Per la distribuzione: stampe etichette “Sfrutta zero”;  flyers e manifesti promozionali; rimborsi logistici per la benzina, per  il trasporto e distribuzione della salsa.    

Per il corto-documentario post-distribuzione: affitto attrezzatura professionale (videocamere, luci, carrelli, cavalletti)    

      Abbiamo pensato di destinare una parte, il 15%, del finanziamento in Crowdfunding ad una ‘Cassa di mutuo soccorso’ che sosterrà concretamente le rivendicazioni e i percorsi di autodeterminazione dei migranti nei nostri territori.    

           

Come fare per sostenere questo progetto:    

      Attraverso la piattaforma PDB:    

      - clicca su dona    

      - decidi l'ammontare    

      - ti registri a pdb (anche tramite registrazione con i social)    

      - vai sulla pagina di paypal ed inserisci i dati della carta di credito    

      - i soldi (al netto della commissione di paypal) vanno direttamente al promotore della campagna    

      e vengono contabilizzati e visualizzati nella pagina progetto.    

Oppure:    

      Direttamente attraverso un bonifico bancario all’IBAN: IT97G0760116000001026235141    

      o Conto Corrente Postale nr. 1026235141 versamento con bollettino postale o Postagiro.    

      Intestato ad Associazione Diritti a Sud Onlus    

      Causale: donazione sfrutta zero    

           

Chi siamo    

Solidaria nasce a Bari nel 2014 per avviare il progetto  Netzanet, una sperimentazione per un'intera filiera produttiva per salsa di pomodoro ed altre produzioni a sfruttamento zero. E’ composta da un  gruppo di rifugiati politici, protagonisti di percorsi di  riappropriazione per il diritto alla casa, e da giovani italiani che dal 2008 supportano le lotte e rivendicazioni dei migranti presenti nel  Cara e Cie di Bari, attraverso percorsi di inclusione sociale e  solidarietà: dall’organizzazione di corsi di italiano a campagne a  sostegno per l’accoglienza.    
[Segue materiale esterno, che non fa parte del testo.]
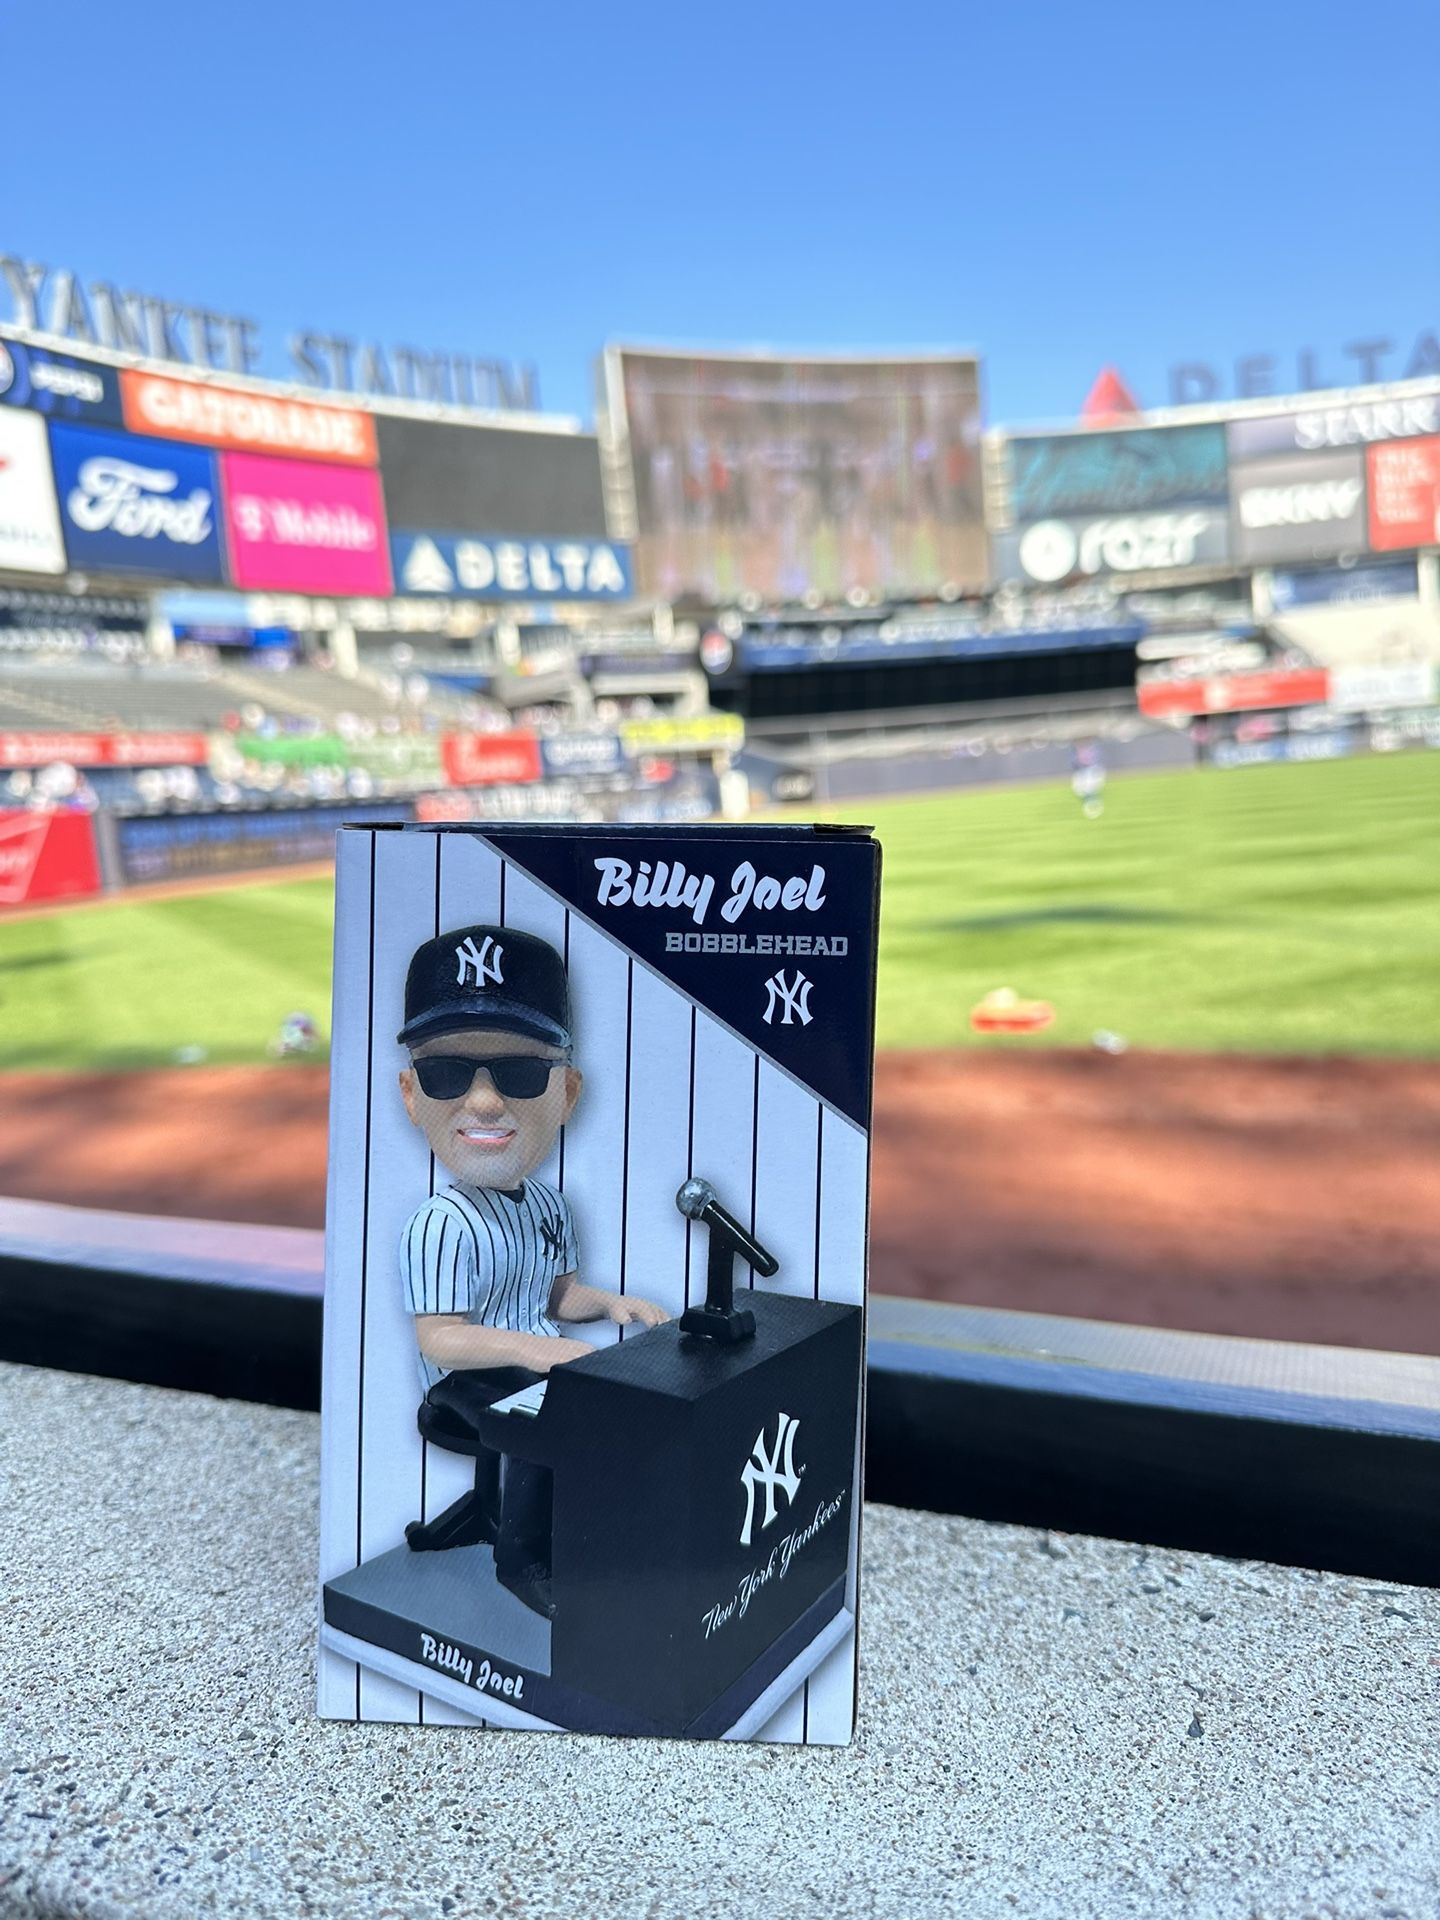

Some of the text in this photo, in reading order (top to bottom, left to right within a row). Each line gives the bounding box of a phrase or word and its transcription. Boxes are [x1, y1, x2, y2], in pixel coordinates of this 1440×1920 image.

      L’Osservatorio Migranti Basilicata da più di quindici anni supporta i braccianti che si recano in Basilicata per lavorare in agricoltura; Fuori dal ghetto nasce a Venosa (PZ) nel 2012 e, dal 2013, organizza la scuola di  italiano di Boreano con i braccianti burkinabé. Dal 2013 sperimentano  forme di produzione e distribuzione di prodotti agricoli senza  sfruttamento, con i “pomodori solidali di Boreano”, la salsa Barkafoo e i fagioli dell’OMB. Nel 2015, con il supporto di un gruppo di contadini e comunicatori, danno vita al progetto “Funky tomato”, col fine di  costruire l’intera filiera del pomodoro da conserva senza sfruttamento e assieme a un gruppo di braccianti africani.    

Diritti a Sud nasce a Nardò nel 2014 dall’esperienza del  comitato NO-CAP, che dal 2009 operava nelle campagne di Nardò per  l’integrazione e la difesa dei diritti della comunità di migranti  impegnati stagionalmente nel lavoro agricolo. Diritti a Sud è una  comunità composta da sensibilità differenti accomunate dal dovere morale di aiutare chi si trova a vivere condizioni di disagio. Da più di un  anno, ogni settimana organizza la scuola di italiano per stranieri che  accoglie chiunque voglia imparare la lingua. Diritti a Sud è impegnata  anche nell’ambito dell’autorecupero. Con il progetto “Casa Musse”, un  rifugio fatiscente e pericolante abitato da ragazzi sudanesi è stato  interamente restaurato e arredato grazie alla collaborazione tra  migranti e attivisti utilizzando materiali di recupero. Ogni giorno  Diritti a Sud aiuta e sostiene le persone straniere che vivono a Nardò  nel loro, non sempre facile, percorso d’integrazione.